Kathryn seems to be coping better (emotionally and financially) with the aftermath of the scandal than her brother is. She says a lot of her healing came from getting therapy. Just like her brother, Kathryn went through some trauma. She recalls being bullied and ostracized for many years of her life simply because of who her father was. While Zack has lingering resentment over his family name, Kathryn seems to have come to terms with embracing her family name and forgiving her father. She talks about becoming involved in the DeLorean fan community, and she shares fond memories of bringing her father to a DeLorean fan convention that displayed DMC cars, and how the adulation he got at the show boosted his confidence. Kathryn also confirms that her mother doesn’t like to talk about DeLorean, even to her own kids, because she’s “moved on with her life.” (Ferrare went on to have a successful career as a TV host. In 1985, she married her current husband, TV executive Anthony Thomopoulos, and they have two daughters together.)
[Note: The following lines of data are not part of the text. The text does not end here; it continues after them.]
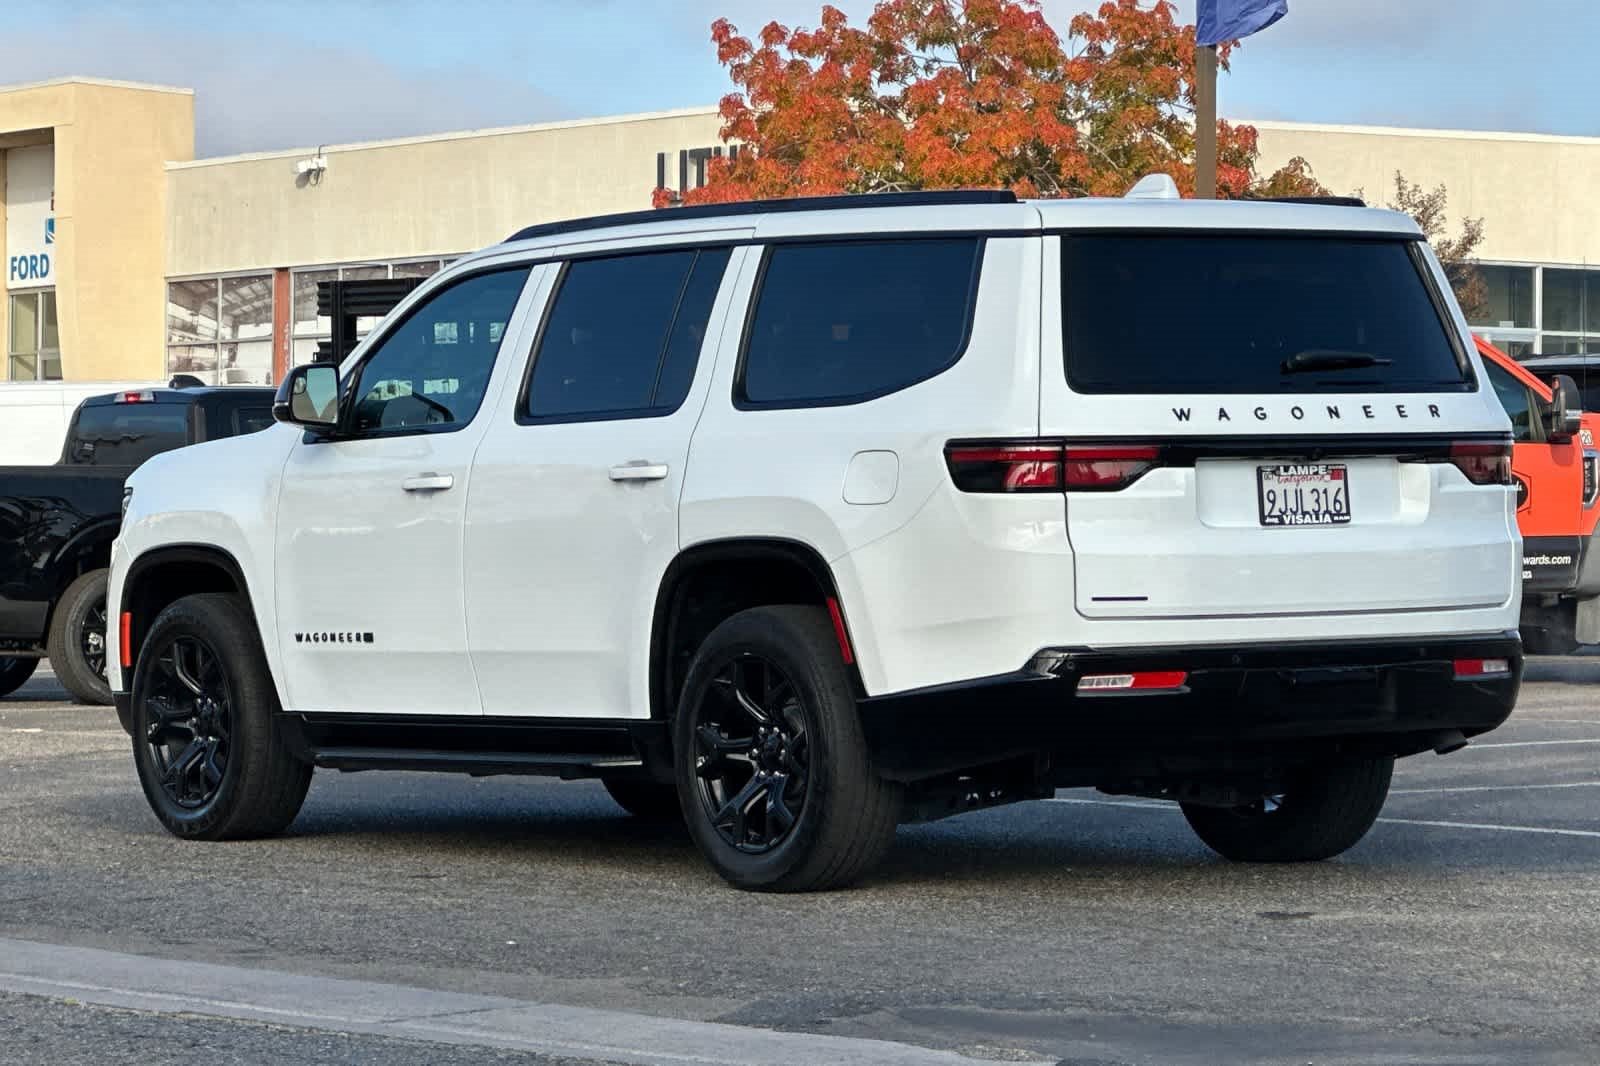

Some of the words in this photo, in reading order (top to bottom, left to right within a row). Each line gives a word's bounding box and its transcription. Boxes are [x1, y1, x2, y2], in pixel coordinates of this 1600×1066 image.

[10, 253, 50, 281] FORD
[1172, 404, 1441, 422] WAGONEER
[1280, 465, 1327, 475] LAMPE
[1267, 488, 1342, 515] 9JJL316
[1283, 513, 1332, 524] VISALIA
[1522, 554, 1571, 565] wards.com
[295, 631, 362, 643] WAGONEER
Although some people might complain that “Framing John DeLorean” doesn’t know whether it wants to be a documentary or a docudrama, in the end, the overall storytelling works in this movie, and it could serve as a useful resource if a biopic is ever made about DeLorean’s life.

IFC Films/Sundance Selects will release “Framing John DeLorean” in select U.S. theaters on June 7, 2019.